Hawking tertarik akan gagasan bahwa alam semesta bermula dari sebuah titik, di mana semua materi lumat dalam kepadatan tak terhingga. Titik itu disebut Singularitas.
la bekerja sama dengan Roger Penrose, yang pada waktu itu bekerja pada Universitas London dan merupakan seorang ahli ilmu pasti terkemuka di dunia. Menjelang tahun 1969, keduanya menyimpulkan bahwa jika Teori Relativitas Umum Einstein benar, maka kosmos pastilah bermula dari titik itu.
"Dengan kata lain, kami menunjukkan bahwa waktu itu punya awal," kata Hawking dengan senyumnya yang khas.
Di awal tahun 70-an kondisi Hawking sudah mundur sekali, sehingga ia terpaksa menggunakan kursi roda. Tapi semangatnya membubung tinggi. Berturut-turut ia memperbarui teori yang satu ke teori yang lain.
(Baca juga:Menyeramkan, Inilah yang Akan Terjadi Jika Bumi Jatuh ke Lubang Hitam)
Teorinya yang paling berhasil adalah tentang black holes (lubang hitam). Lubang hitam adalah bintang yang kehabisan bahan bakar termonuklirnya, menjadi mengkerut dengan hebat sehingga ukurannya hanya beberapa sentimeter/meter.

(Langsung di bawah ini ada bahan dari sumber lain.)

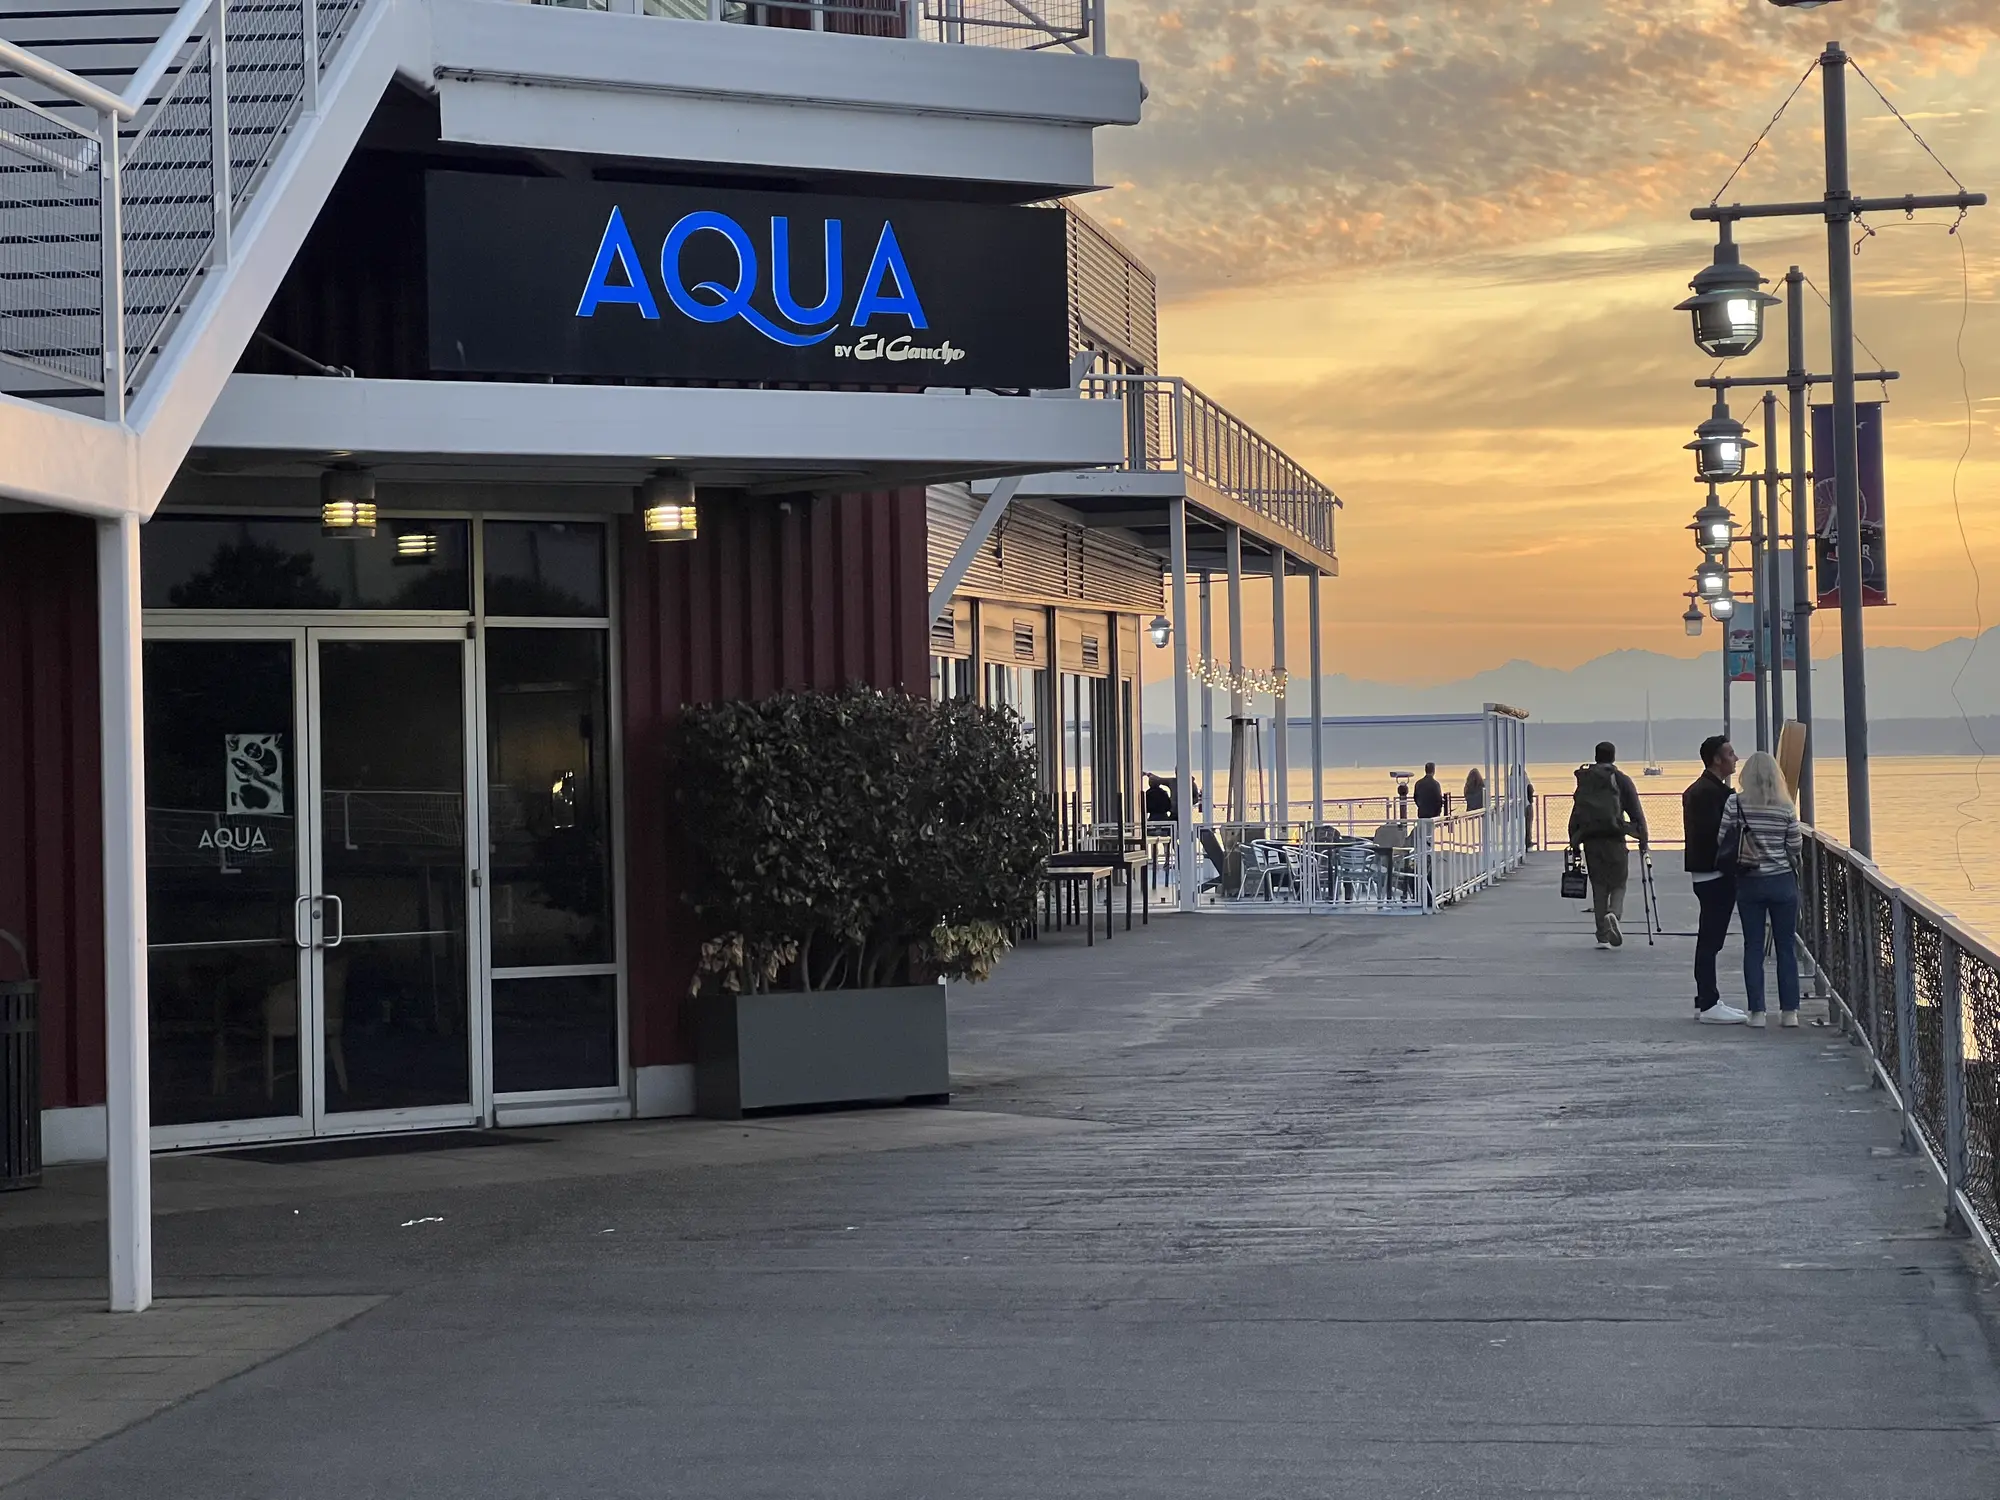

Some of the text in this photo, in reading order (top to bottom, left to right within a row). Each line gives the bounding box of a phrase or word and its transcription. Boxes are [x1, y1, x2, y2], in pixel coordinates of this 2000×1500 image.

Akibatnya materi bintang sangat padat dan gaya tariknya sangat kuat. Lubang hitam akan menarik semua materi yang lewat di sekitarnya. Bahkan cahaya pun tak dapat lepas dari permukaannya, itulah sebabnya ia disebut hitam.
Julukan lubang diberikan karena gaya tariknya yang sangat kuat, hingga alam semesta melengkung.
Tahun 1973 Hawking mulai memikirkan tentang sifat-sifat materi di dekat lubang hitam. Kondisi tubuhnya membuatnya tidak bisa lagi bekerja dengan pensil dan kertas, jadi ia menciptakan teorinya dalam kepalanya.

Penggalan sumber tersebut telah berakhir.